Dwelling Place of Light, the — Complete eBook

This eBook from the Gutenberg Project consists of approximately 540 pages of information about Dwelling Place of Light, the — Complete.

Dwelling Place of Light, the — Complete eBook

This eBook from the Gutenberg Project consists of approximately 540 pages of information about Dwelling Place of Light, the — Complete.

“Now I’ve made up my mind we’ll place one with you, Mr. Ditmar,” the salesman concluded.  “I don’t object to telling you we’d rather have one in the Chippering than in any mill in New England.”

Janet was surprised, almost shocked to see Ditmar shake his head, yet she felt a certain reluctant admiration because he had not been swayed by blandishments.  At such moments, when he was bent on refusing a request, he seemed physically to acquire massiveness,—­and he had a dogged way of chewing his cigar.

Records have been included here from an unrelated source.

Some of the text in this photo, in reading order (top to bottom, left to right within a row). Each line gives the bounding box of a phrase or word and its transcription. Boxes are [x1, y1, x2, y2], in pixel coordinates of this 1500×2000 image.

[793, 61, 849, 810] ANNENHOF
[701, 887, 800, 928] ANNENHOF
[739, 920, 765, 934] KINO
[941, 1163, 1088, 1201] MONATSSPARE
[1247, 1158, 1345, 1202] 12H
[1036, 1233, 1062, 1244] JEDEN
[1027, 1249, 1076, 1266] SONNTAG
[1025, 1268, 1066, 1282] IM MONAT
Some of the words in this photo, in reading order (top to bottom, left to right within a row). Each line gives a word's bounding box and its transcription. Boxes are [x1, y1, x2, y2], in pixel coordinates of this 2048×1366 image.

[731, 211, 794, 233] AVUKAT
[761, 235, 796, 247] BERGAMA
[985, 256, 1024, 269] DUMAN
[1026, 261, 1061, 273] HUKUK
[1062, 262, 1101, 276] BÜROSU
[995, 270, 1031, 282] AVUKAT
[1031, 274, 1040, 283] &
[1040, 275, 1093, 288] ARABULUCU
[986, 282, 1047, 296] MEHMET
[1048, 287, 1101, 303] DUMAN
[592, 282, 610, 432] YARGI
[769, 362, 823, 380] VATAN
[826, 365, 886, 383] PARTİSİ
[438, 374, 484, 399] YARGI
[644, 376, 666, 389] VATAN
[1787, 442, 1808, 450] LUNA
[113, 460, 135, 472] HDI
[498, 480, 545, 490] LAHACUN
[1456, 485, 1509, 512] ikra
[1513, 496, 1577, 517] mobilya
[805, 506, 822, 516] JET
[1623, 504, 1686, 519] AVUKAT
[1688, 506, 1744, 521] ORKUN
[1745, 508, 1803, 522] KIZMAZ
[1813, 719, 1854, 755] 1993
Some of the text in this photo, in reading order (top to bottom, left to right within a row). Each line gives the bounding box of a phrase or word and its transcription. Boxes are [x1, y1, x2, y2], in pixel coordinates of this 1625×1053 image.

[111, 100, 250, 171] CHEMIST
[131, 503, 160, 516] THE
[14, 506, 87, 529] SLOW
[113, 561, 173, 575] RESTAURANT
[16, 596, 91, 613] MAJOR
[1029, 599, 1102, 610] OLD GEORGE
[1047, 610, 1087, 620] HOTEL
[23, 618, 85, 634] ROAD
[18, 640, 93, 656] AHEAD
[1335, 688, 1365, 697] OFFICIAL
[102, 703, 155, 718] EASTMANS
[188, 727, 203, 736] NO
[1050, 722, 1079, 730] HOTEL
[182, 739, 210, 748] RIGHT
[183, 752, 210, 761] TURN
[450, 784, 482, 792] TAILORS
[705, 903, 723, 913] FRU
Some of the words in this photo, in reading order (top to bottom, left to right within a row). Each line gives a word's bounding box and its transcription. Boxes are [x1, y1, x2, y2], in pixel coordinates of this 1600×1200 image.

“I don’t want it, yet,” he replied, “not until you improve it.”  And she was impressed by the fact that he seemed to know as much about the machine as the salesman himself.  In spite of protests, denials, appeals, he remained firm.  “When you get rid of the defects I’ve mentioned come back, Mr. Hicks—­but don’t come back until then.”

And Mr. Hicks departed, discomfited....

Ditmar knew what he wanted.  Of the mill he was the absolute master, familiar with every process, carrying constantly in his mind how many spindles, how many looms were at work; and if anything untoward happened, becoming aware of it by what seemed to Janet a subconscious process, sending for the superintendent of the department:  for Mr. Orcutt, perhaps, whose office was across the hall—­a tall, lean, spectacled man of fifty who looked like a schoolmaster.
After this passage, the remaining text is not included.